Cluster module

The cluster module offers the following functions to perform clustering:

Function

Description

cluster()

Performs hierarchical clustering on a collection.

araucaria.stats.cluster.cluster(collection, taglist=['all'], cluster_region='xanes', cluster_range=[- inf, inf], method='single', metric='euclidean', kweight=2)[source]

Performs hierarchical clustering on a collection.

Parameters
  • collection (Collection) – Collection with the groups for clustering.

  • taglist (List[str]) – List with keys to filter groups based on their tags attributes in the Collection. The default is [‘all’].

  • cluster_region (str) – XAFS region to perform clustering. Accepted values are ‘dxanes’, ‘xanes’, or ‘exafs’. The default is ‘xanes’.

  • cluster_range (list) – Domain range in absolute values. Energy units are expected for ‘dxanes’ or ‘xanes’, while wavenumber (k) units are expected for ‘exafs’. The default is [-inf, inf].

  • method (str) – Likage method to compute the distance between clusters. See the linkage() function of scipy for a list of valid method names. The default is ‘single’.

  • metric (str) – The distance metric. See the pdist() function of scipy for a list of valid distance metrics. The default is ‘euclidean’.

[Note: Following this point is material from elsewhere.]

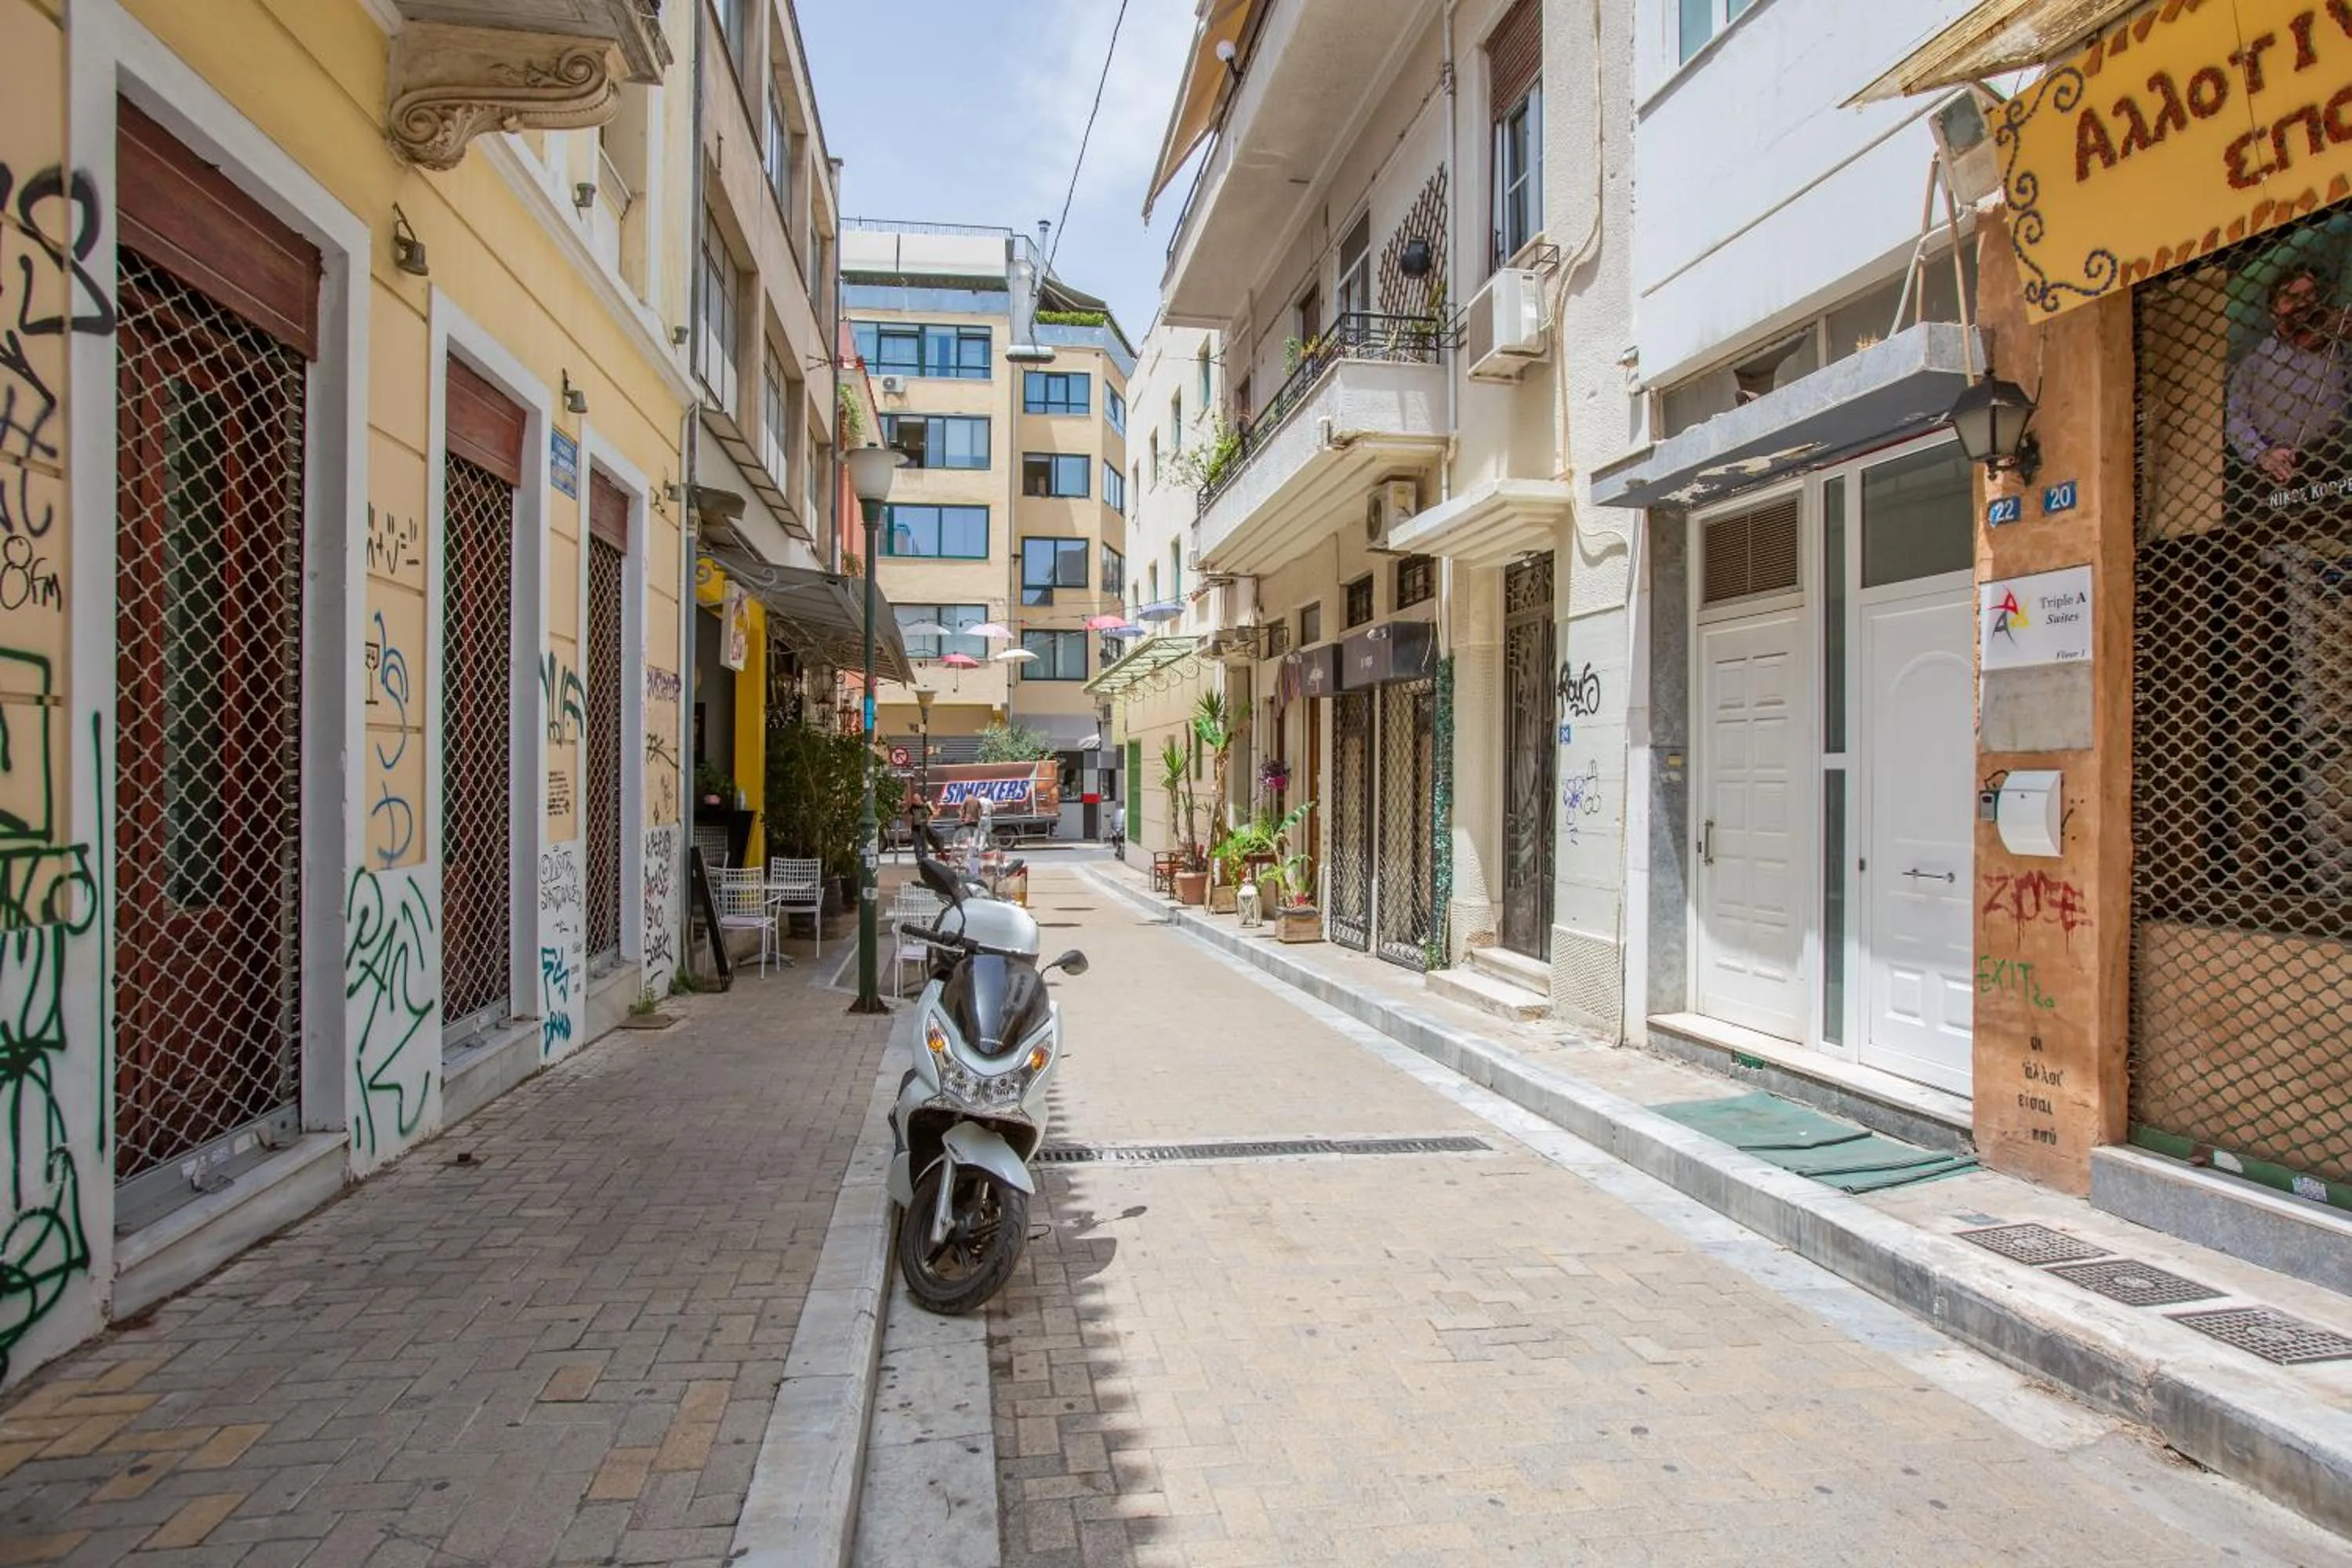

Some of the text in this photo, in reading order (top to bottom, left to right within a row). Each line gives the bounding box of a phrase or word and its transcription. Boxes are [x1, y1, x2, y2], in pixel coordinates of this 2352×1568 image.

  • kweight (int) – Exponent for weighting chi(k) by k^kweight. Only valid for cluster_region='exafs'. The default is 2.

Return type

Dataset

Returns

Dataset with the following arguments:

  • Z : hierarchical clustering encoded as a linkage matrix.

  • groupnames : list with names of clustered groups.

  • energy : array with energy values. Returned only if cluster_region='xanes or cluster_region=dxanes.

  • k : array with wavenumber values. Returned only if cluster_region='exafs'.

  • matrix : array with observed values for groups in cluster_range.

  • cluster_pars : dictionary with cluster parameters.

See also

fig_cluster()

Plots the dendrogram of a hierarchical clustering.

Examples

>>> from araucaria.testdata import get_testpath
>>> from araucaria import Dataset
>>> from araucaria.xas import pre_edge, autobk
>>> from araucaria.stats import cluster
>>> from araucaria.io import read_collection_hdf5
>>> from araucaria.utils import check_objattrs
>>> fpath      = get_testpath('Fe_database.h5')
>>> collection = read_collection_hdf5(fpath)
>>> collection.apply(pre_edge)
>>> out        = cluster(collection, cluster_region='xanes')
>>> attrs      = ['groupnames', 'energy', 'matrix', 'Z', 'cluster_pars']
>>> check_objattrs(out, Dataset, attrs)
[True, True, True, True, True]
>>> # exafs clustering
>>> collection.apply(autobk)
>>> out   = cluster(collection, cluster_region='exafs', cluster_range=[0,10])
>>> attrs = ['groupnames', 'k', 'matrix', 'Z', 'cluster_pars']
>>> check_objattrs(out, Dataset, attrs)
[True, True, True, True, True]